After prestigious and prolific careers in the department, we said a fond farewell to professors Derek Gregory and Greg Henry when they retired this June.
We look forward to seeing them around the department in future as professors emeriti.
His early work focused on industrialization in Britain in the eighteenth and nineteenth centuries, but his move to Vancouver coincided with a growing interest in postcolonial critique. He began to explore cultures of travel and travel writing; in particular, how European and American travellers to Egypt in the long nineteenth century found the terms for cultures and landscapes for which they literally had no terms.
This work was interrupted by the terrorist attacks on the World Trade Center and the Pentagon on September 11, 2001. Thereafter, Dr. Gregory began to trace the long history of British and American involvements in the ‘Middle East’, and explore how these affected the cultural, political, and military responses to 9/11. His book, The Colonial Present: Afghanistan, Palestine, Iraq (2004) showed how war quite literally takes place, and described in detail the violent ‘taking of places’ not only in Afghanistan and Iraq but in occupied Palestine too.
His 2011 book, The Everywhere War went on to show how the conduct of modern war is shaped by the spaces through which it is conducted; ranging from the global war prison at Guantanamo Bay through counterinsurgency in Baghdad and the drone wars in Afghanistan/Pakistan to other ‘small wars’ fought in the shadows of 9/11 in Africa, Asia, and the Americas.
A later research project, Killing Space, was a critical study of the techno-cultural and political dimensions of air war. It paid particular attention to the changing ways in which cities (and eventually people) have been visualized as targets within what is now called the ‘kill-chain,’ and to the different ways in which the media have represented and reported bombing to different publics.
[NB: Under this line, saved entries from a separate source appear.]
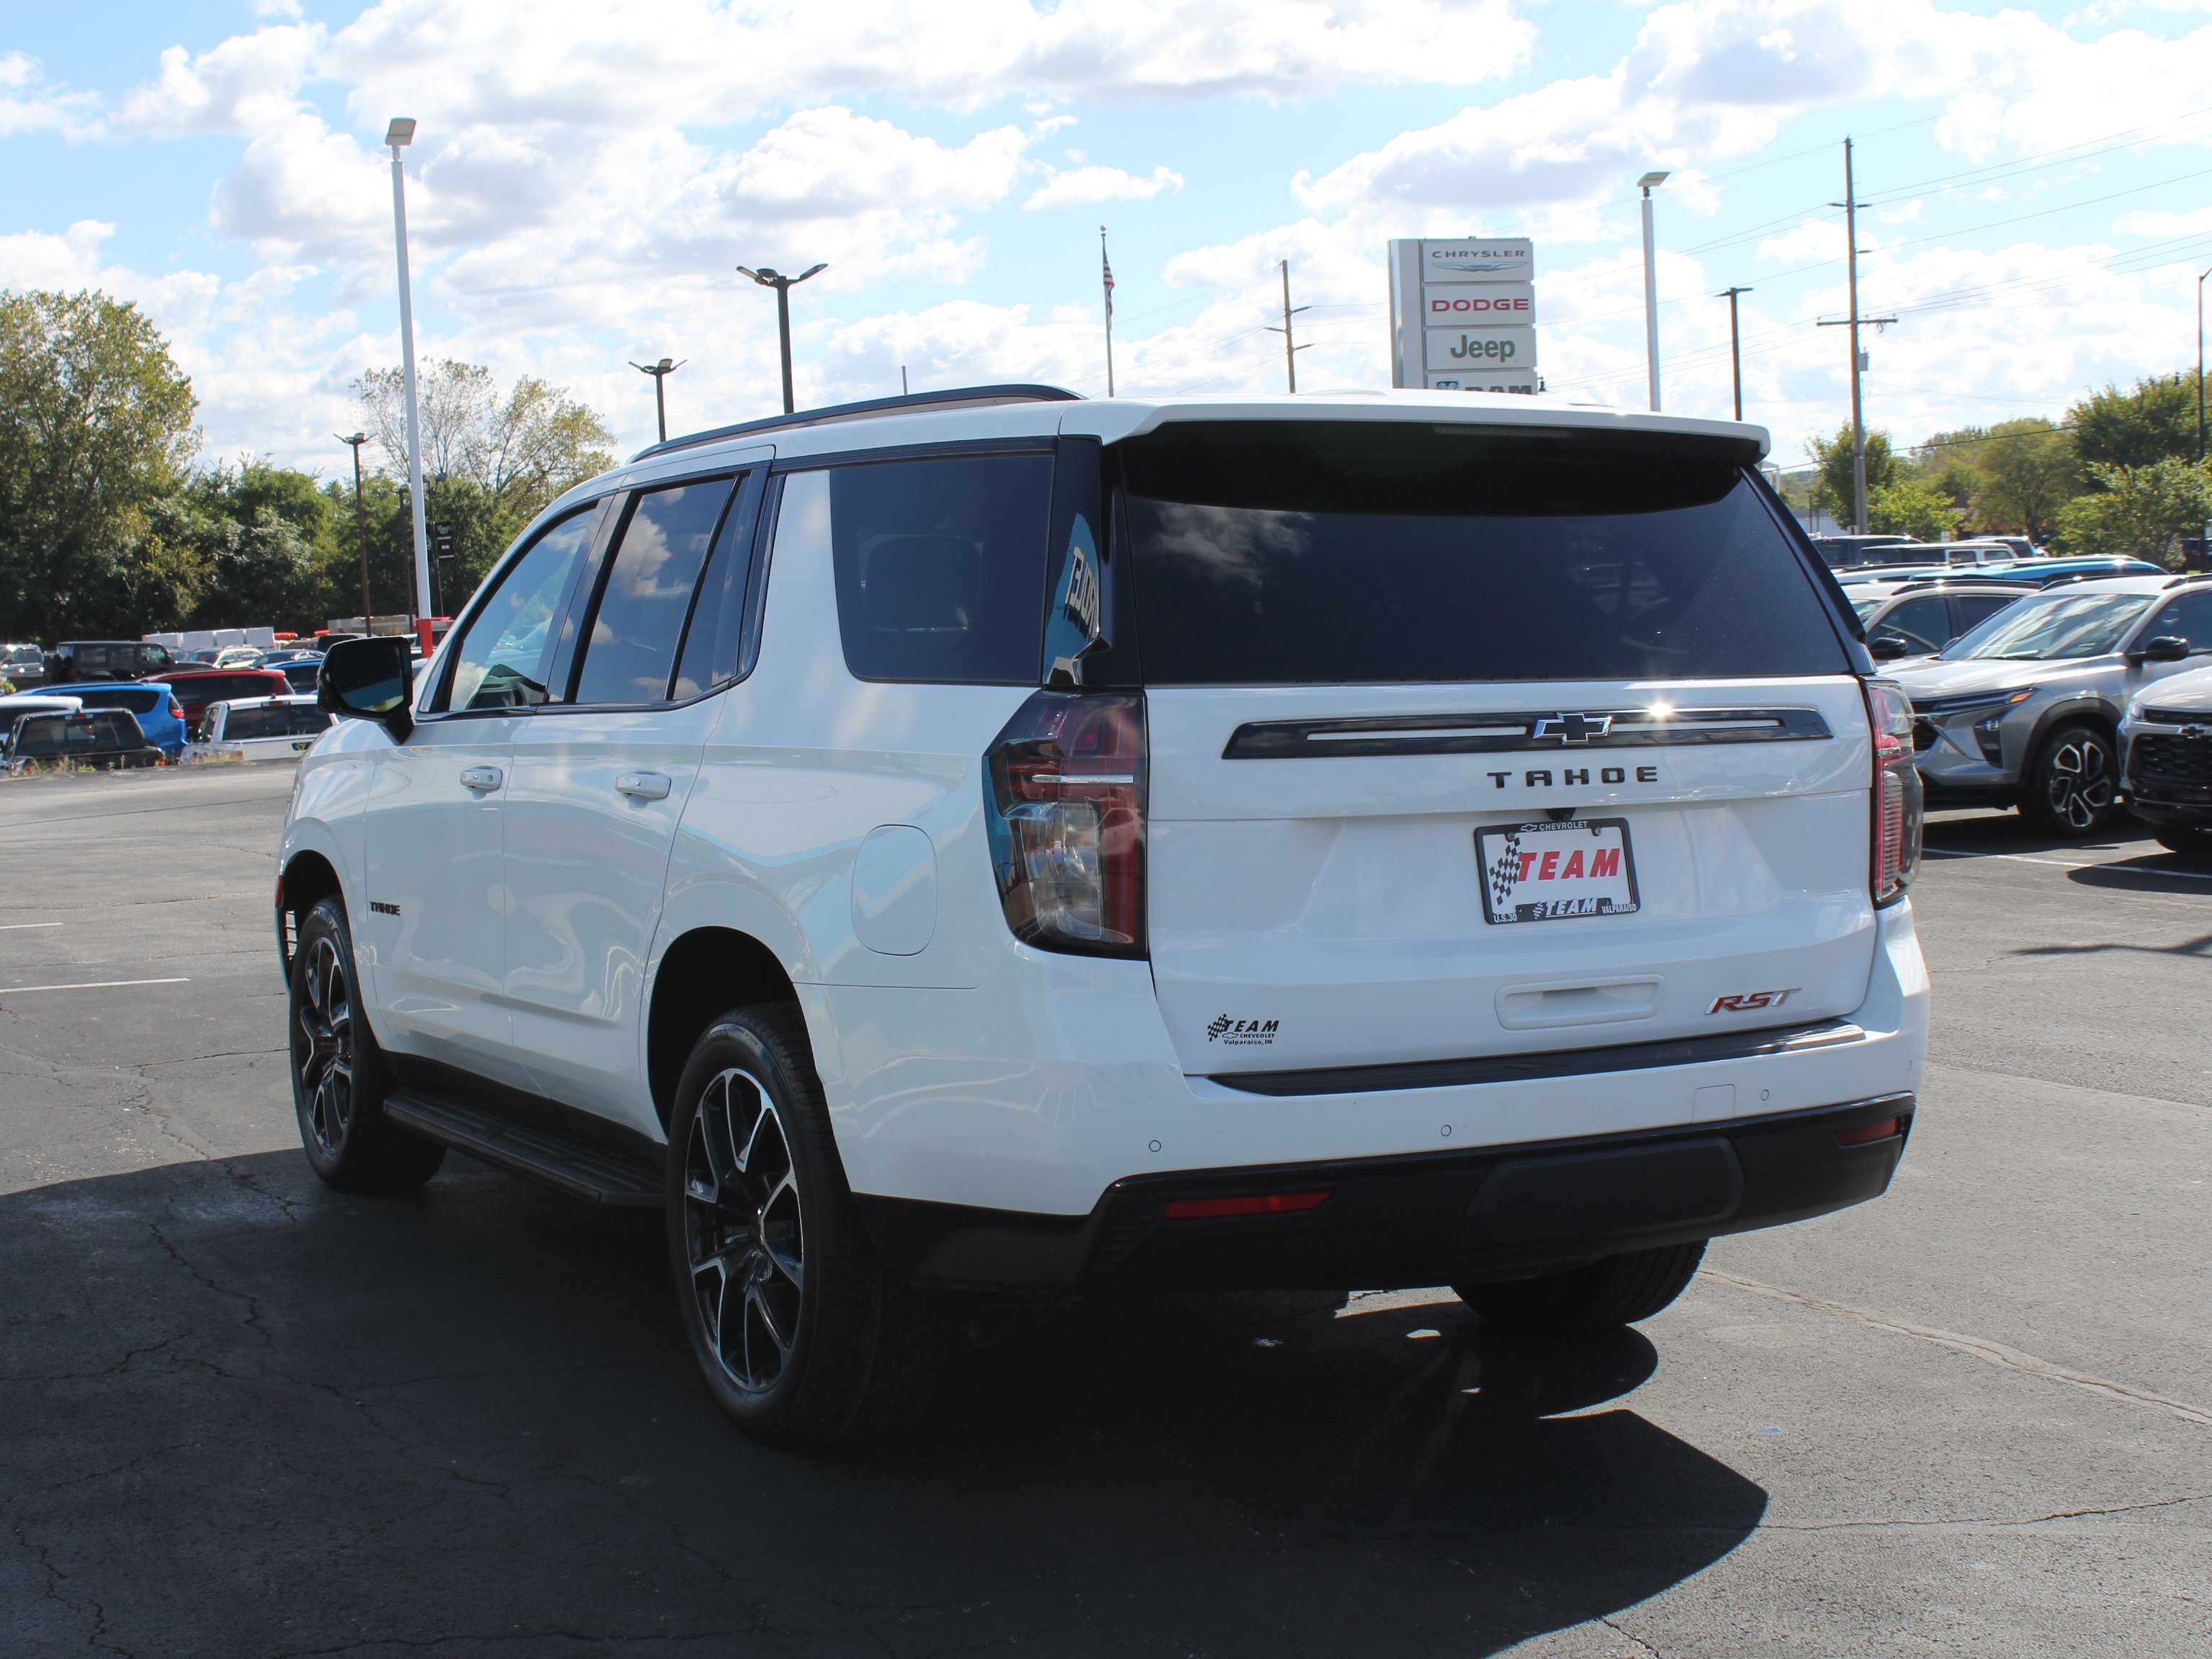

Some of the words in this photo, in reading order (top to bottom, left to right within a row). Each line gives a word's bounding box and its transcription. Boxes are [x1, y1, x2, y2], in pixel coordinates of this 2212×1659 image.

[1431, 250, 1525, 258] CHRYSLER
[1431, 299, 1529, 312] DODGE
[1449, 334, 1516, 362] Jeep
[1487, 766, 1658, 788] TAHOE
[1539, 821, 1588, 832] CHEVROLET
[1517, 848, 1620, 882] TEAM
[1545, 897, 1598, 916] TEAM
[1601, 903, 1637, 914] VALPARAISO
[1704, 987, 1802, 1015] RST
[1223, 1020, 1280, 1032] TEAM
Dr. Gregory’s honours include honorary degrees from one of Europe’s youngest (Roskilde) and oldest (Heidelberg) universities, elections to the Royal Society of Canada and the British Academy, the Founder’s Medal of the Royal Geographical Society, and the invitation to present the British Academy’s Annual Lecture in London in 2012. He was named a Peter Wall Distinguished Professor in 2011.
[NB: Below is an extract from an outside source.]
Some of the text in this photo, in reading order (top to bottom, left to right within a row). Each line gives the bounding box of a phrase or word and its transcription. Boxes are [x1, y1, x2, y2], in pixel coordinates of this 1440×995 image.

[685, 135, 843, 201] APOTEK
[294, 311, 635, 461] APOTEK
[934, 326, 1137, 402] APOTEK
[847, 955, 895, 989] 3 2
His distinctions also include a UBC Killam Research Prize, and in recognition of his undergraduate teaching and graduate supervision, both a UBC Killam Teaching Prize and a UBC Killam Prize for Graduate Mentoring.
Of coming to the end of his teaching days, Dr. Gregory said: “Throughout my teaching career I have – honestly, genuinely – learned so much from my students at Cambridge and at UBC. They have challenged me with ideas and issues I hadn’t considered, brought to my attention readings and sources I’d passed over, and forced me to clarify things I’d never been clear about in the first place.”
From the earliest days of his career, Dr. Henry was focused on the impact of climate change on the Arctic. Once at UBC, he established a warming experiment at what would become his main research site of Ellesmere Island – located at 79 degrees north in the Canadian Arctic. Designed to monitor the ways in which rising temperatures were affecting delicate Arctic tundra plant ecosystems, this is now the longest continuing warming experiment in Canada. Over 50 graduate students and postdoctoral fellows have conducted research at the site in its 30 years since its creation.
Meaningful collaboration with Indigenous communities was also an integral part of Dr. Henry’s work, and he was a founding member of ArcticNet – a network of Canadian centres of excellence that brings together Arctic researchers, in partnership with Inuit organizations and northern communities.
One project which grew from this was a decade-long exploration of the climate-related changes to berry production in the Arctic. Berry picking and use is extremely important to Indigenous communities, and the project involved many community members, both in monitoring the berry plants, and preserving language and knowledge held by community elders. Kugluktukmiut elders and youth, along with masters student Sara Desrosiers, went on to publish The Berry Book, which is still used in schools today.
As a key figure in the Fourth International Polar Year from (2007 – 2008), Dr. Henry made efforts to invite elders to conferences and learn from their wealth of scientific information – something he felt terrestrial arctic scientists were lagging behind on, compared to their marine counterparts.
His goal was to encourage an education where students would learn to conduct observations both scientifically and through the knowledge of elders; to meld both ways of knowing.
Further to this mission, in 2015 Dr. Henry was founding Editor in Chief of the open access journal Arctic Science, whose mission stipulates that its science focus also include the traditional knowledge and observations of the Indigenous peoples of the region.
Dr. Henry’s honours include the UBC Dean of Arts Faculty Research Award, election as a Fellow of the Arctic Institute of North America and Chair of ITEX from 2003 – 2012, where he remains on the steering committee.